Write out every record below exactly, so that nothing differs from what is shown.

-- Given records --
********************
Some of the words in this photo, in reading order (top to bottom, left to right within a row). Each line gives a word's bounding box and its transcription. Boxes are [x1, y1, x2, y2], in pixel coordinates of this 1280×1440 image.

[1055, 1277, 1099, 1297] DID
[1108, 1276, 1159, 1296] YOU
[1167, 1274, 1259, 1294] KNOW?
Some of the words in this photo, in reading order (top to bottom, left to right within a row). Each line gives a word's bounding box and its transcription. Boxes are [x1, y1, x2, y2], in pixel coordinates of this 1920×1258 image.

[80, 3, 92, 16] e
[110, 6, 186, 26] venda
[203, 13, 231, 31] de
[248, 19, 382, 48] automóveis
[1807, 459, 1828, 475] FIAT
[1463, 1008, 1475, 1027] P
********************
-- The answer --
Some of the words in this photo, in reading order (top to bottom, left to right within a row). Each line gives a word's bounding box and its transcription. Boxes are [x1, y1, x2, y2], in pixel coordinates of this 1280×1440 image.

[1055, 1277, 1099, 1297] DID
[1108, 1276, 1159, 1296] YOU
[1167, 1274, 1259, 1294] KNOW?
Some of the words in this photo, in reading order (top to bottom, left to right within a row). Each line gives a word's bounding box and its transcription. Boxes are [x1, y1, x2, y2], in pixel coordinates of this 1920×1258 image.

[80, 3, 92, 16] e
[110, 6, 186, 26] venda
[203, 13, 231, 31] de
[248, 19, 382, 48] automóveis
[1807, 459, 1828, 475] FIAT
[1463, 1008, 1475, 1027] P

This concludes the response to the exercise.